▶ TASK REQUIREMENTS
Write back every entry exactly as it reads, with the pictures left behind.

▶ Stored entries

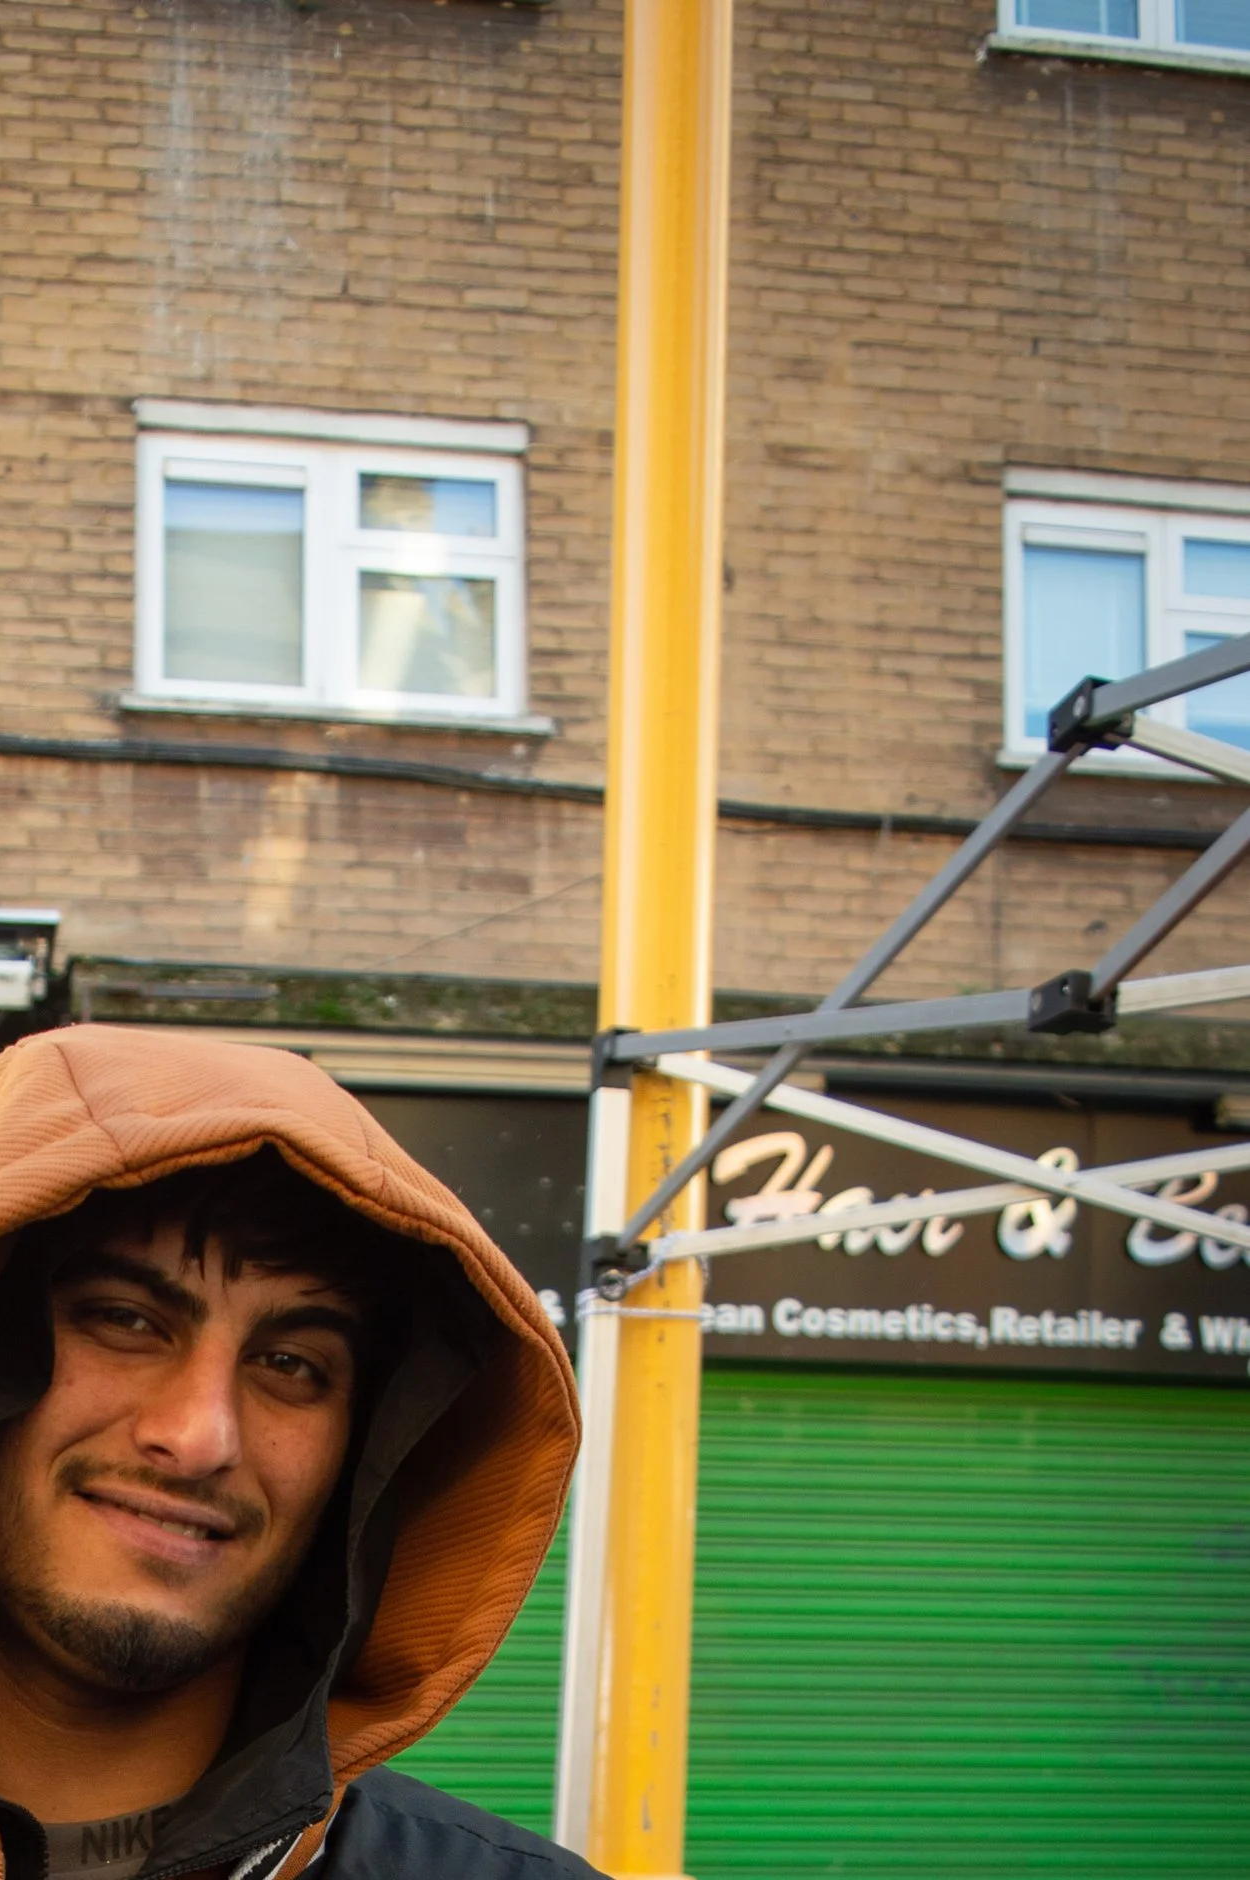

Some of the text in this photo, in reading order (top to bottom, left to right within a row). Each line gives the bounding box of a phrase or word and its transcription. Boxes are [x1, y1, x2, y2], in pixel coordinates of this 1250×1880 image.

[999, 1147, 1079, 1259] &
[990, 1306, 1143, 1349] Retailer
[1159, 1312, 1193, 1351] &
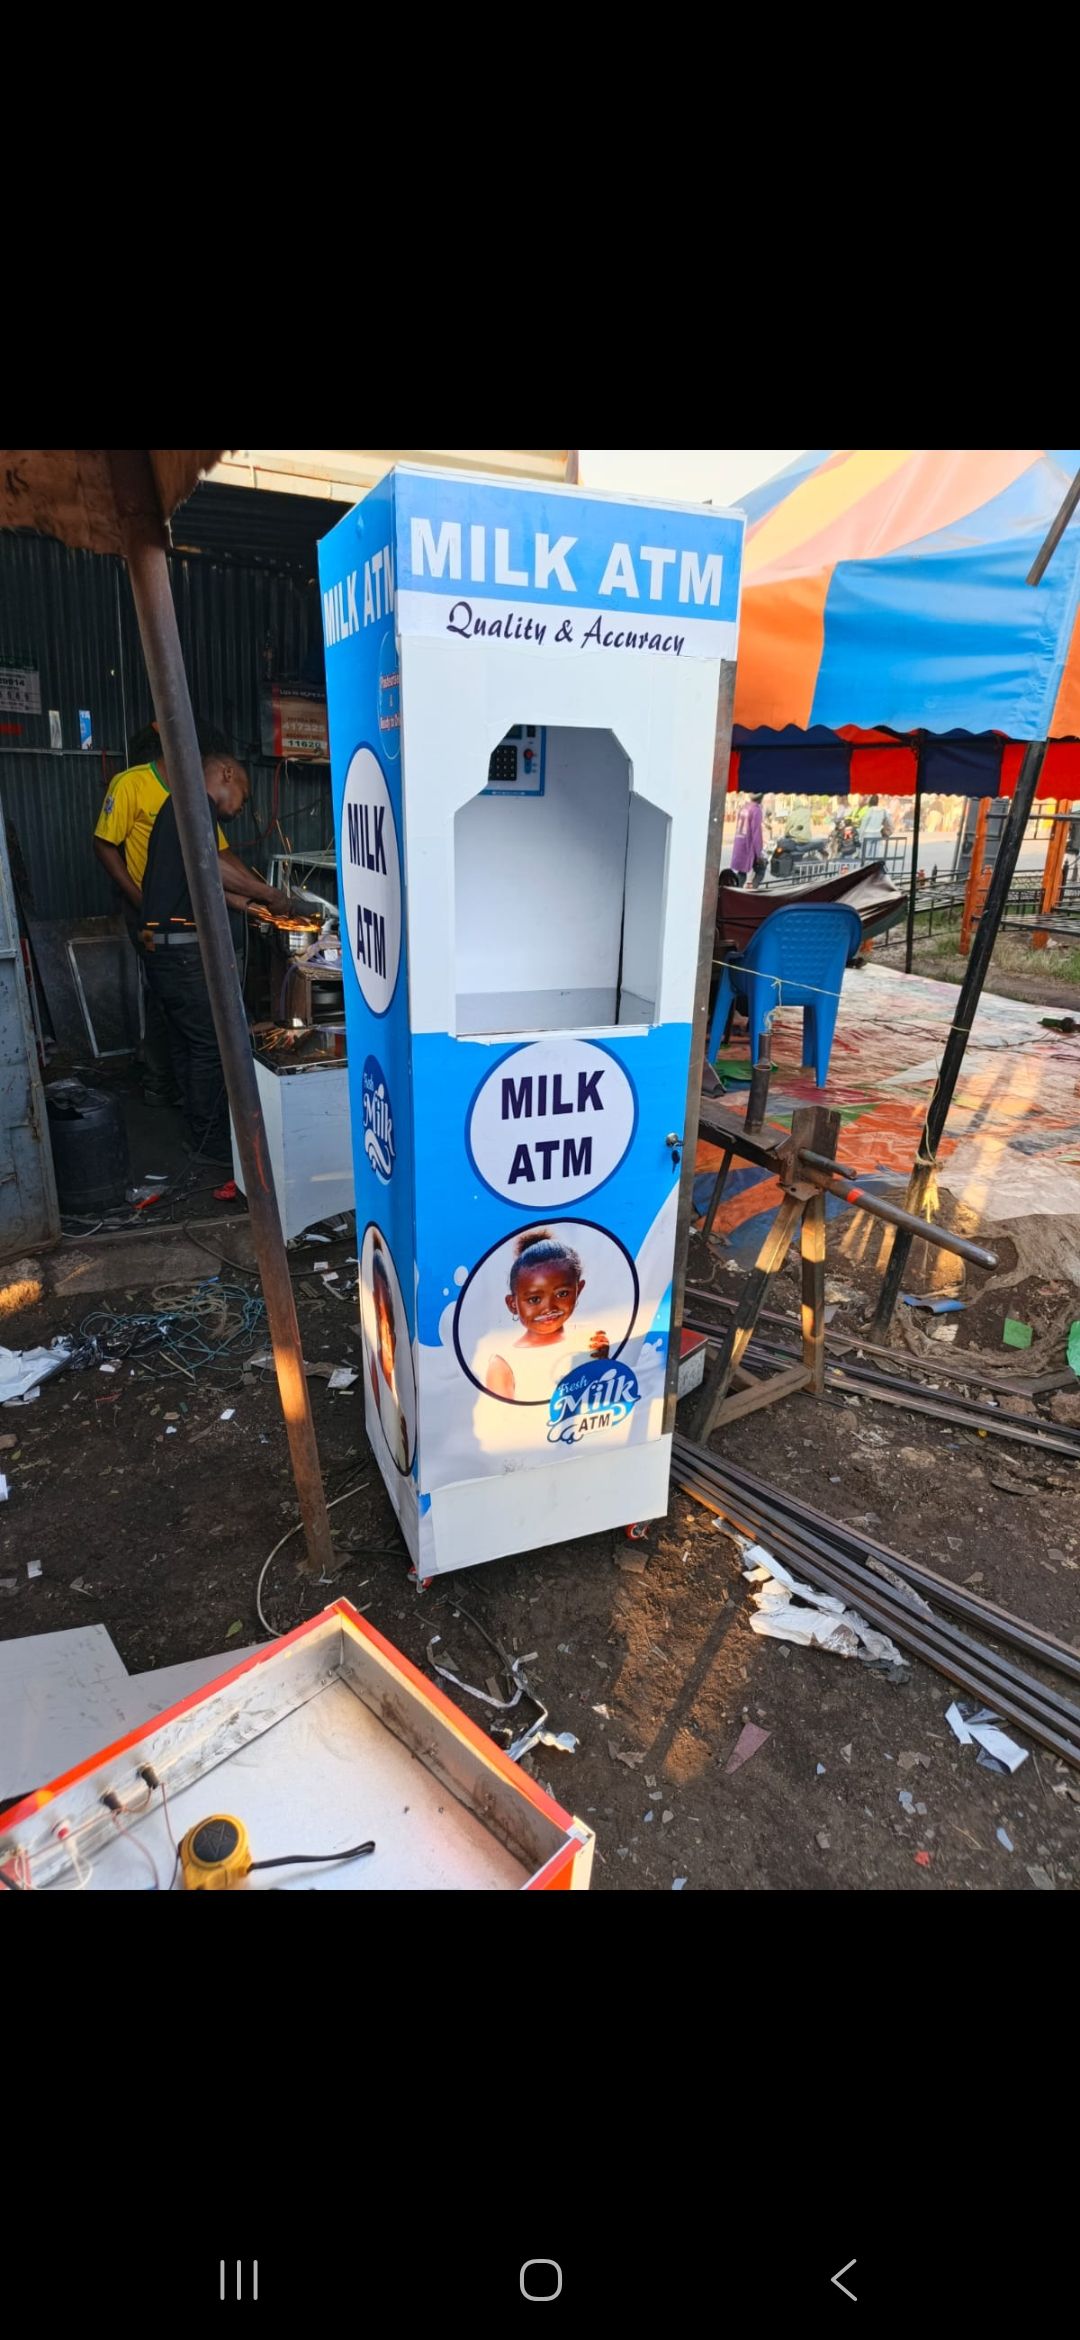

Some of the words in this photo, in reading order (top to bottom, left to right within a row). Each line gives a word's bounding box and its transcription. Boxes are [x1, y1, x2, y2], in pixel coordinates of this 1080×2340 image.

▶ TASK RESPONSE
Some of the text in this photo, in reading order (top to bottom, left to right within a row). Each line gives the bounding box of a phrase or word and its transcription. Boxes are [x1, y1, x2, y2], in pixel coordinates of this 1250×1880 image.

[999, 1147, 1079, 1259] &
[990, 1306, 1143, 1349] Retailer
[1159, 1312, 1193, 1351] &

Some of the words in this photo, in reading order (top to bottom, left to right within a row). Each line gives a word's bounding box and its transcription. Boxes are [x1, y1, x2, y2], in pixel coordinates of this 1080×2340 image.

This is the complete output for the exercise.